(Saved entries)
▬▬▬

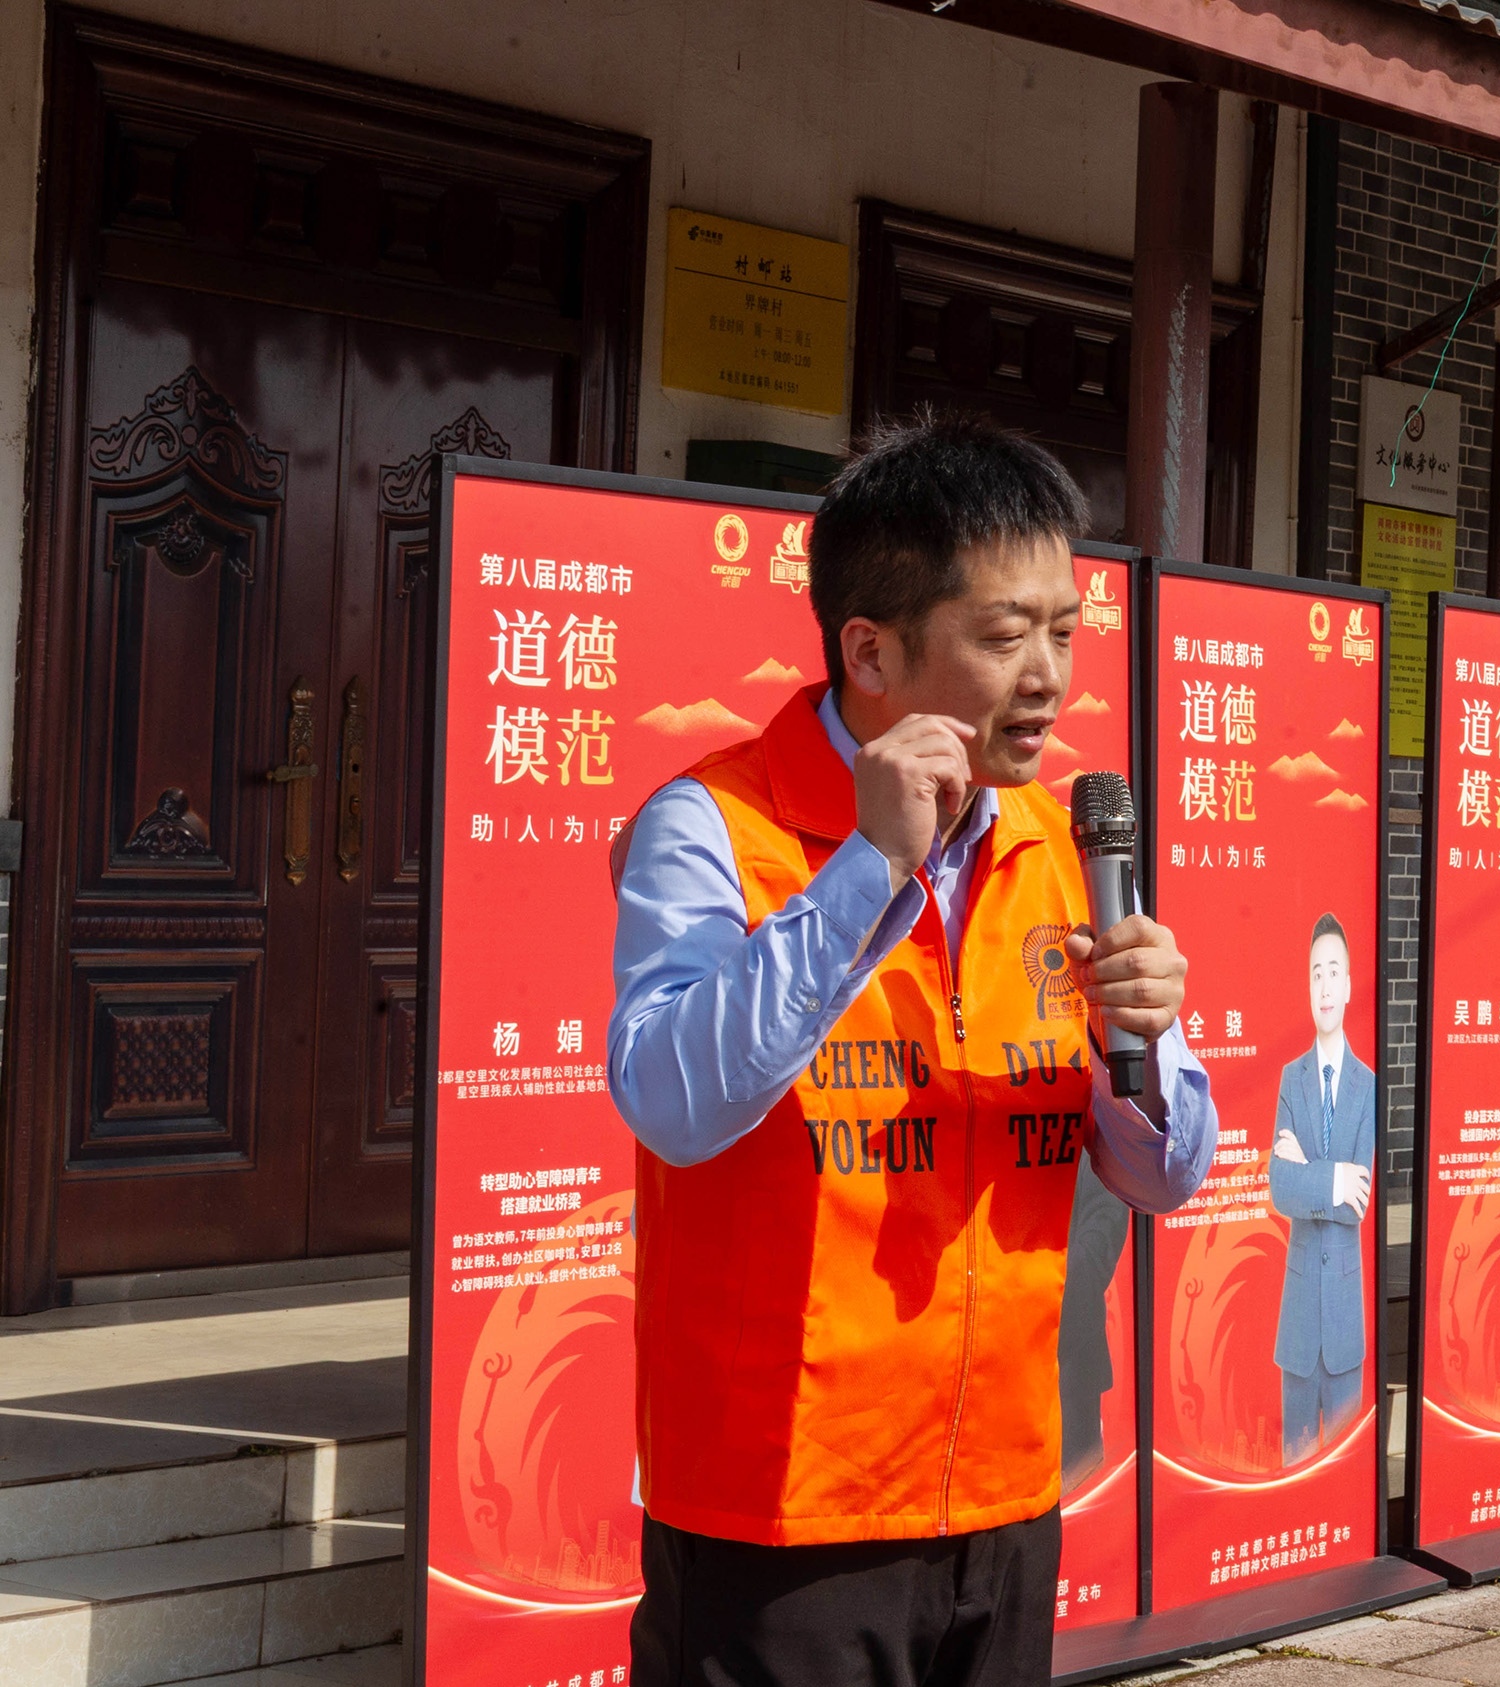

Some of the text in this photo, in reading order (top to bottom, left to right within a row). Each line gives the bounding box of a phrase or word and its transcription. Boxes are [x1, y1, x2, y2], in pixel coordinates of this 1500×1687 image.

[735, 255, 792, 282] 村邮站
[745, 293, 783, 317] 界牌村
[1376, 444, 1450, 480] 文化服务中心
[479, 553, 633, 595] 第八届成都市
[711, 565, 751, 577] CHENGDU
[488, 608, 619, 691] 道德
[1173, 635, 1264, 669] 第八届成都市
[1179, 680, 1257, 745] 道德
[485, 705, 616, 786] 模范
[1178, 757, 1257, 822] 模范
[437, 1064, 608, 1084] 都星空里文化发展有限公司社会企
[810, 1039, 1058, 1089] CHENG DU
[457, 1079, 610, 1099] 星空里残疾人辅助性就业基地负
[804, 1117, 937, 1175] VOLUN
[480, 1166, 602, 1193] 转型助心智障碍青年
[501, 1192, 581, 1216] 搭建就业桥梁
[1211, 1522, 1328, 1564] 中共成都市委宣传部
[1333, 1526, 1351, 1543] 发布
[1210, 1541, 1327, 1585] 成都市精神文明建设办公室
[1077, 1584, 1102, 1603] 发布

▬▬▬

Work instruction:
Retype each entry above character for character; pictures stay out.

Reply:
Some of the text in this photo, in reading order (top to bottom, left to right within a row). Each line gives the bounding box of a phrase or word and its transcription. Boxes are [x1, y1, x2, y2], in pixel coordinates of this 1500×1687 image.

[735, 255, 792, 282] 村邮站
[745, 293, 783, 317] 界牌村
[1376, 444, 1450, 480] 文化服务中心
[479, 553, 633, 595] 第八届成都市
[711, 565, 751, 577] CHENGDU
[488, 608, 619, 691] 道德
[1173, 635, 1264, 669] 第八届成都市
[1179, 680, 1257, 745] 道德
[485, 705, 616, 786] 模范
[1178, 757, 1257, 822] 模范
[437, 1064, 608, 1084] 都星空里文化发展有限公司社会企
[810, 1039, 1058, 1089] CHENG DU
[457, 1079, 610, 1099] 星空里残疾人辅助性就业基地负
[804, 1117, 937, 1175] VOLUN
[480, 1166, 602, 1193] 转型助心智障碍青年
[501, 1192, 581, 1216] 搭建就业桥梁
[1211, 1522, 1328, 1564] 中共成都市委宣传部
[1333, 1526, 1351, 1543] 发布
[1210, 1541, 1327, 1585] 成都市精神文明建设办公室
[1077, 1584, 1102, 1603] 发布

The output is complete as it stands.